The effect of such tactics has been a blow to the country's economy. Last month, the Organisation for Economic Development and Co-operation, the Paris-based think-tank, said in its economic survey of Russia that, while measuring corruption in the country may be difficult, it was clearly a major impediment to foreign investment. "There is," it said, "a widespread consensus that [corruption] has been growing in recent years." And the joint survey of the World Bank and the European Bank for Reconstruction and Development has also recorded an increase in the number of "unofficial payments" for licences and state procurement contracts. "Bribery has become a regular feature of doing business in Russia," it says.

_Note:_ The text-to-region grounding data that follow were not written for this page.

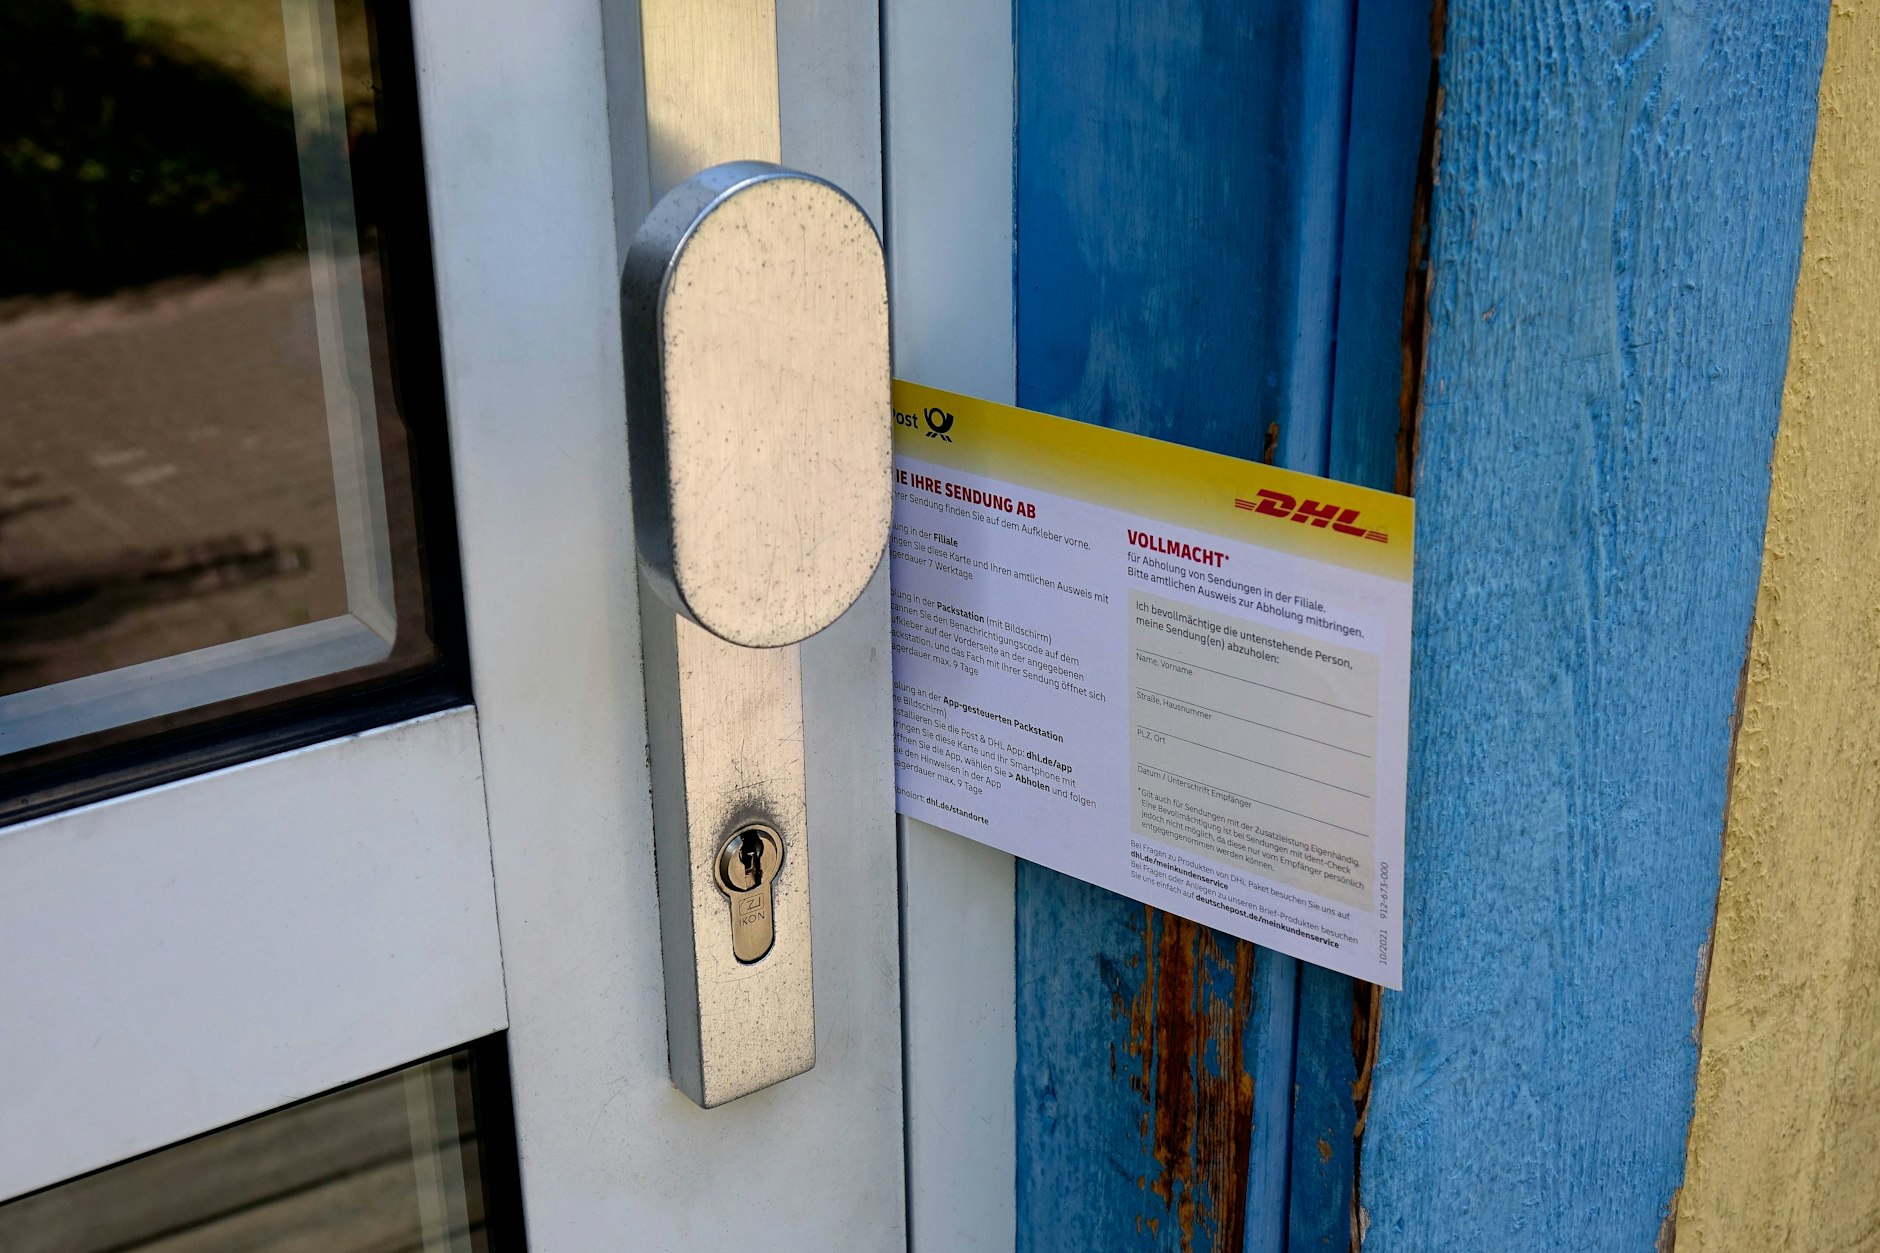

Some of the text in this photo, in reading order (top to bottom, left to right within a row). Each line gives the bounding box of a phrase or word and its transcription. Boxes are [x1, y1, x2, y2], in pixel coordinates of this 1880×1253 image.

[894, 468, 1035, 519] IE IHRE SENDUNG AB
[1255, 489, 1367, 537] DHL
[910, 494, 1090, 550] Sendung finden Sie auf dem Aufkleber vorne.
[910, 526, 917, 535] in
[919, 529, 932, 539] der
[933, 533, 958, 547] Filiale
[914, 541, 1108, 604] Sie diese Karte und Ihren amtlichen Ausweis mit
[928, 559, 973, 580] 7 Werktage
[1127, 551, 1326, 612] für Abholung von Sendungen in der Filiale.
[913, 594, 1051, 645] in der Packstation (mit Bildschirm)
[1128, 566, 1364, 638] Bitte amtlichen Ausweis zur Abholung mitbringen.
[892, 640, 978, 676] agerdauer max. 9 Tage
[920, 610, 1079, 666] Sie den Benachrichtigungscode auf dem
[925, 626, 1084, 681] auf der Vorderseite an der angegebenen
[1136, 600, 1352, 670] Ich bevollmächtige die untenstehende Person,
[1136, 617, 1279, 664] meine Sendung(en) abzuholen:
[892, 627, 1105, 702] ackstation, und das Fach mit Ihrer Sendung öffnet sich
[1136, 652, 1192, 676] Name, Vorname
[918, 689, 927, 697] an
[928, 692, 941, 702] der
[943, 696, 1012, 726] App-gesteuerten
[1014, 719, 1063, 743] Packstation
[1136, 691, 1212, 720] Straße, Hausnummer
[1137, 728, 1165, 744] PLZ, Ort
[937, 774, 955, 785] max.
[957, 779, 962, 787] 9
[964, 781, 982, 795] Tage
[1138, 765, 1251, 808] Datum Unterschrift Empfänger
[1130, 850, 1228, 890] dhl.de/meinkundenservice
[739, 911, 765, 927] IKON
[1379, 861, 1389, 965] 10/2021 912-673-000

It is also extremely dangerous. Murder, too, is a fact of Russian business life. Last month, a senior BP engineer was shot in a sauna and Zelimkhan Magomedov, the president of the National Oil Institute Fund, was gunned down in the street. Such has been the volume of contract killings among the business community that several multinationals have begun hiring security firms to protect their senior staff. General Electric, for example, recently provided its executives with 24-hour protection from MiG, a security firm whose clients include American Express, McDonald's and Ernst & Young. For £160 a month, clients are given a number to dial at any time if they are in danger. The company says it will dispatch a squad armed with 9mm pistols within one minute. In a country where the police are just as likely to be the problem rather than the solution, such firms are invaluable, clients say.

This weekend, as the British detectives pass their time in the somewhat palatial surroundings of the British Embassy, sitting upon its red, heart-shaped sofas, gazing through the windows at the Moscow River, they will doubtless be reflecting on the frustrations, trials and tribulations of investigations Russian style. They may be there some time.